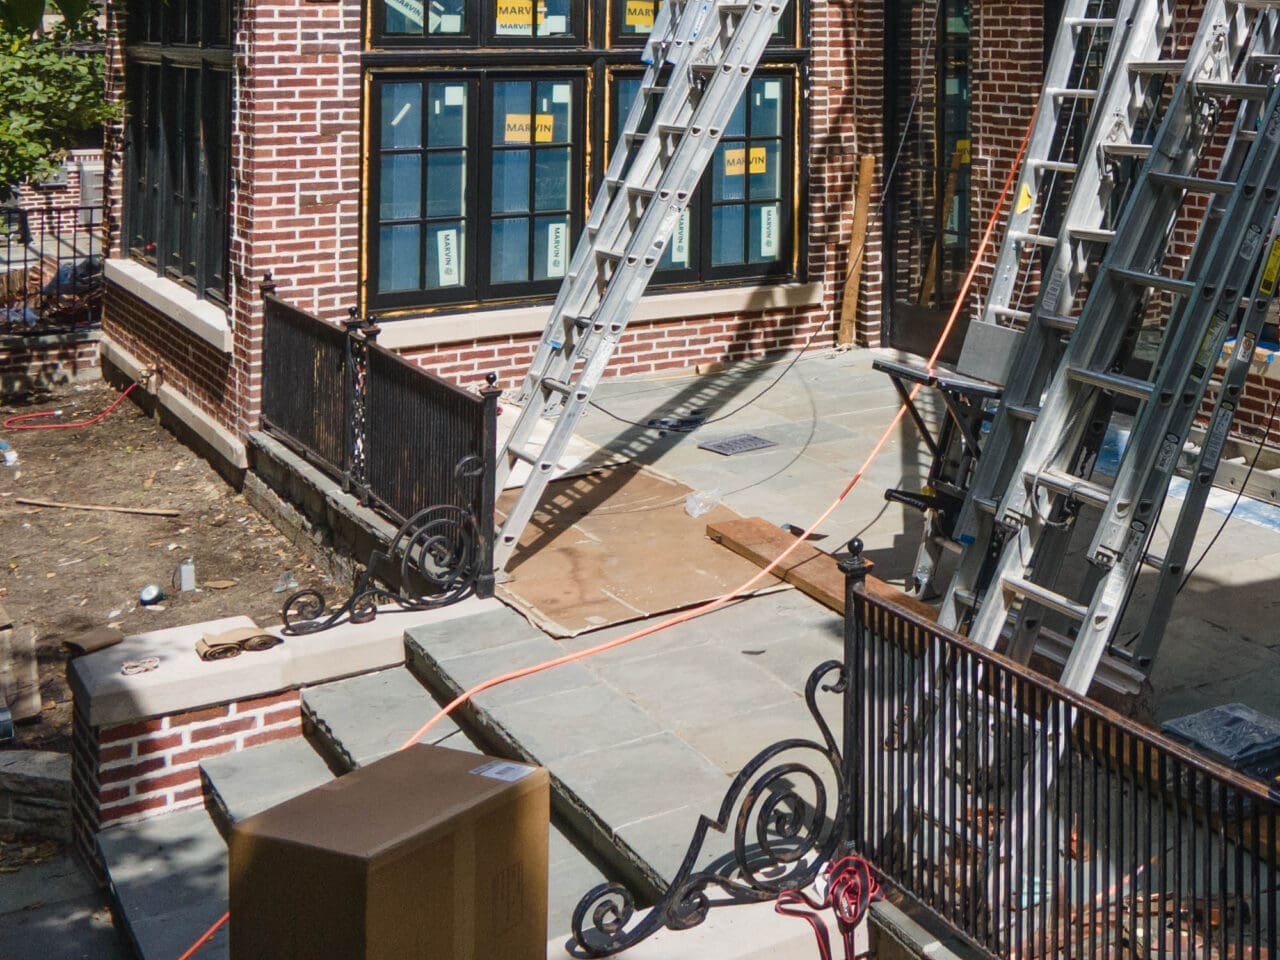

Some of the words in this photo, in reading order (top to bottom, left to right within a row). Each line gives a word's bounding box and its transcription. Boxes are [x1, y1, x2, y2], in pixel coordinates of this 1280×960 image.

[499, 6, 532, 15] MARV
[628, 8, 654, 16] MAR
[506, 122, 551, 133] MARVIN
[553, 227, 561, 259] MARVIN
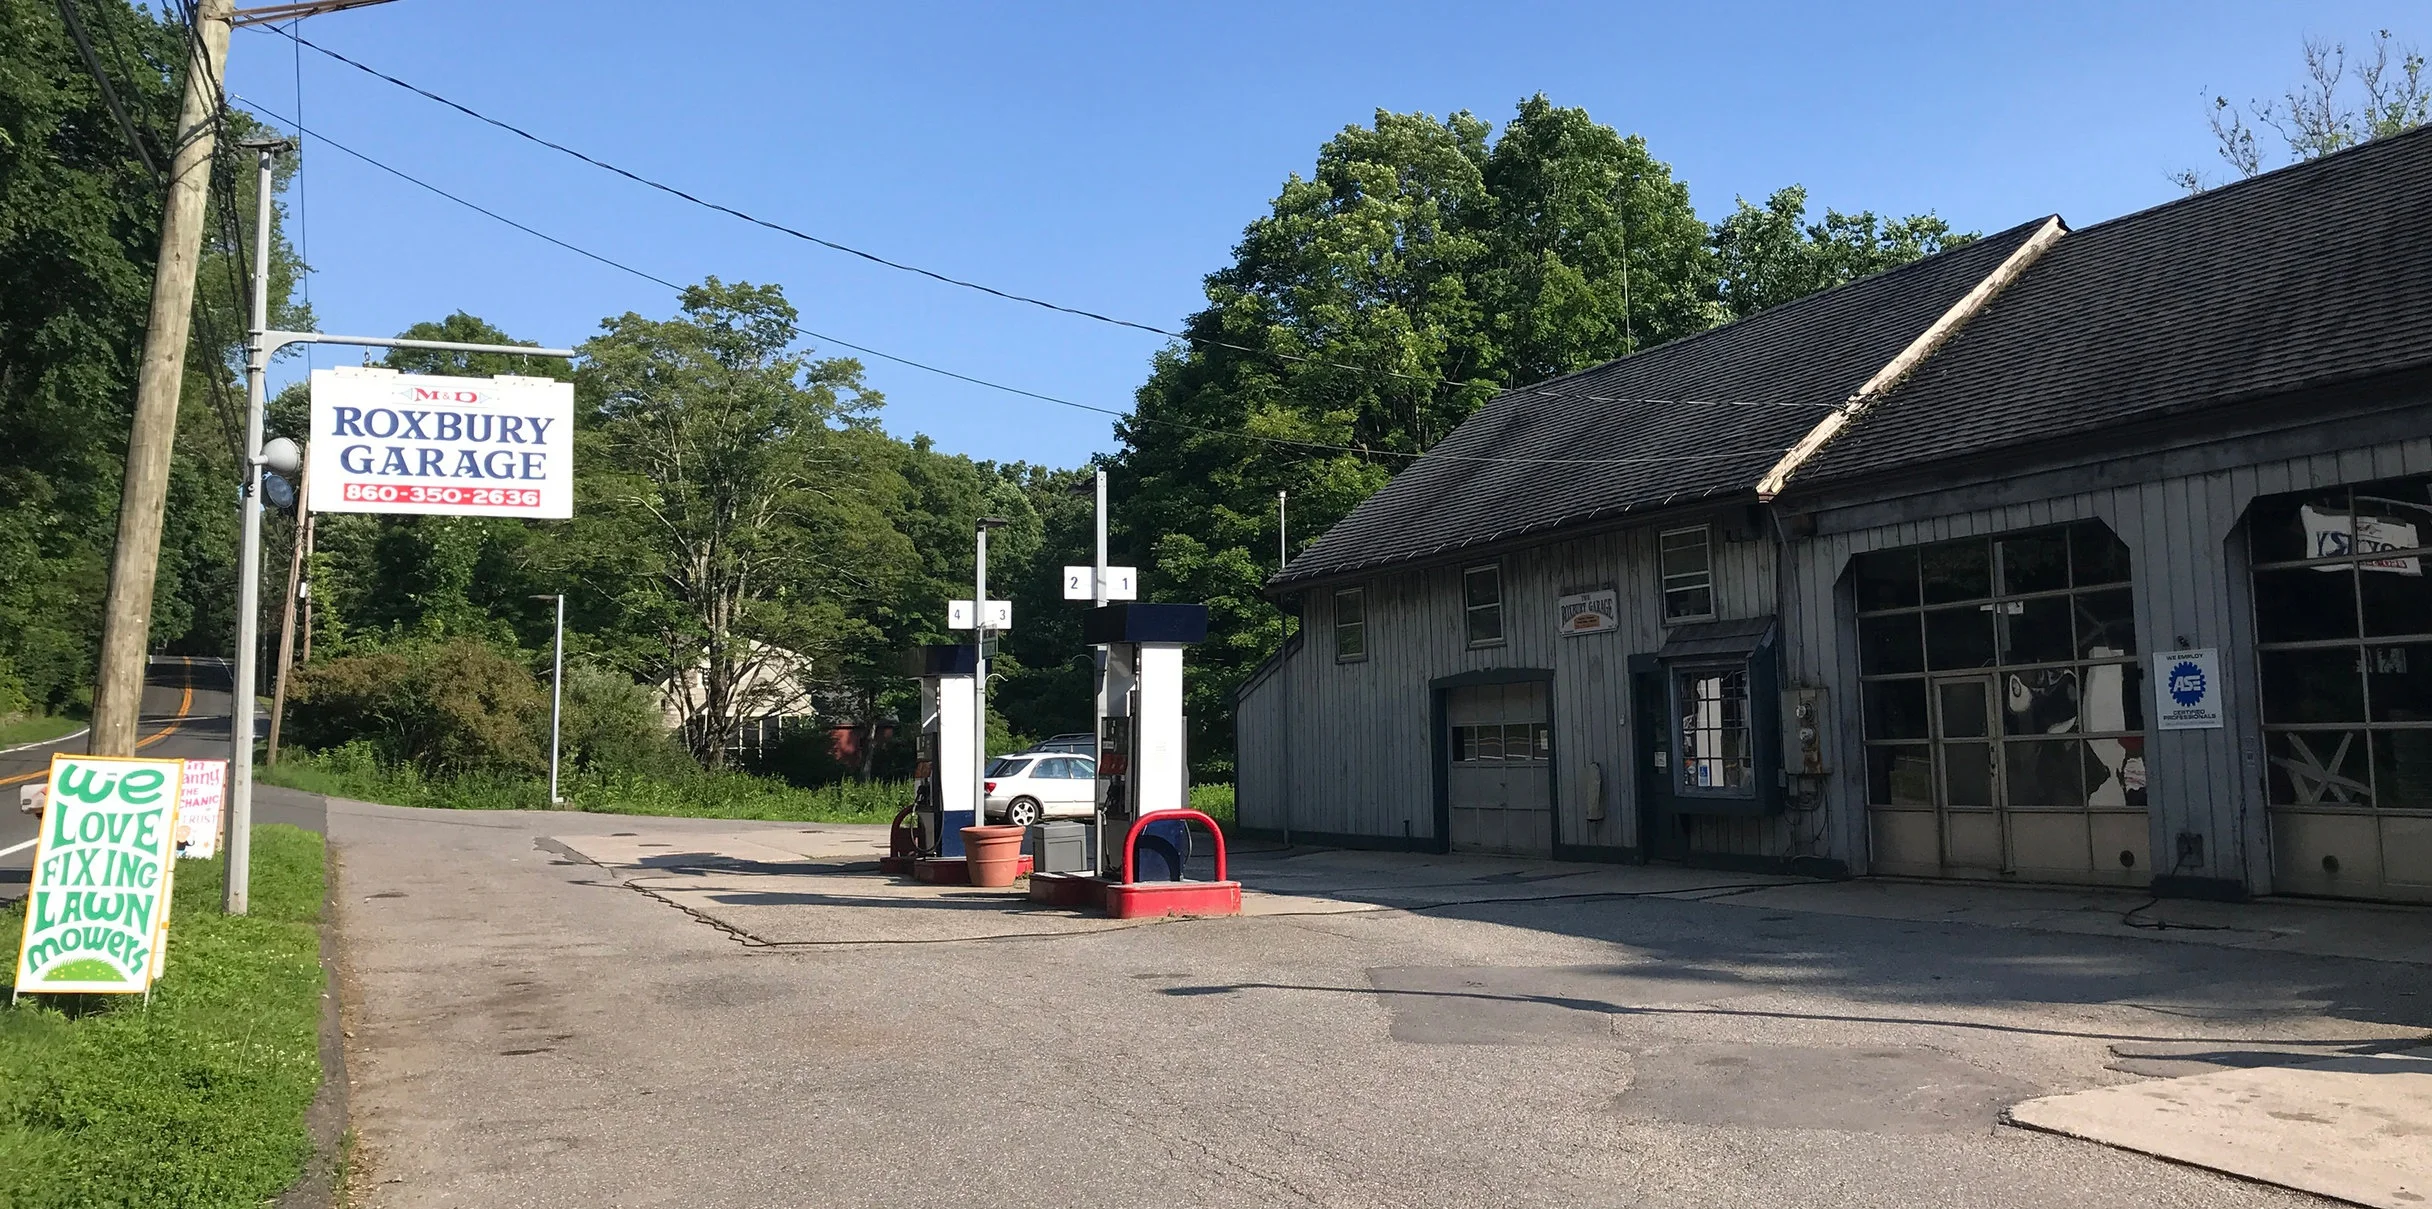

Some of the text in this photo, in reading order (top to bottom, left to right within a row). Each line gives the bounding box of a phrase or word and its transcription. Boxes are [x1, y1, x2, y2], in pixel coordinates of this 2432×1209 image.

****************

▸ **Work instruction**:
The reply must hold each line of the records verbatim and no pictures.

▸ **Response**:
Some of the words in this photo, in reading order (top to bottom, left to right within a row). Each line gives a word's bounding box and its transcription. Boxes are [x1, y1, x2, y2], in pixel coordinates of this 1280×960 image.

[499, 6, 532, 15] MARV
[628, 8, 654, 16] MAR
[506, 122, 551, 133] MARVIN
[553, 227, 561, 259] MARVIN

Some of the text in this photo, in reading order (top to bottom, left to right within a row). Each line gives the bounding box of a phrase or word and its transcription. Boxes are [x1, y1, x2, y2], in pixel coordinates of this 2432×1209 image.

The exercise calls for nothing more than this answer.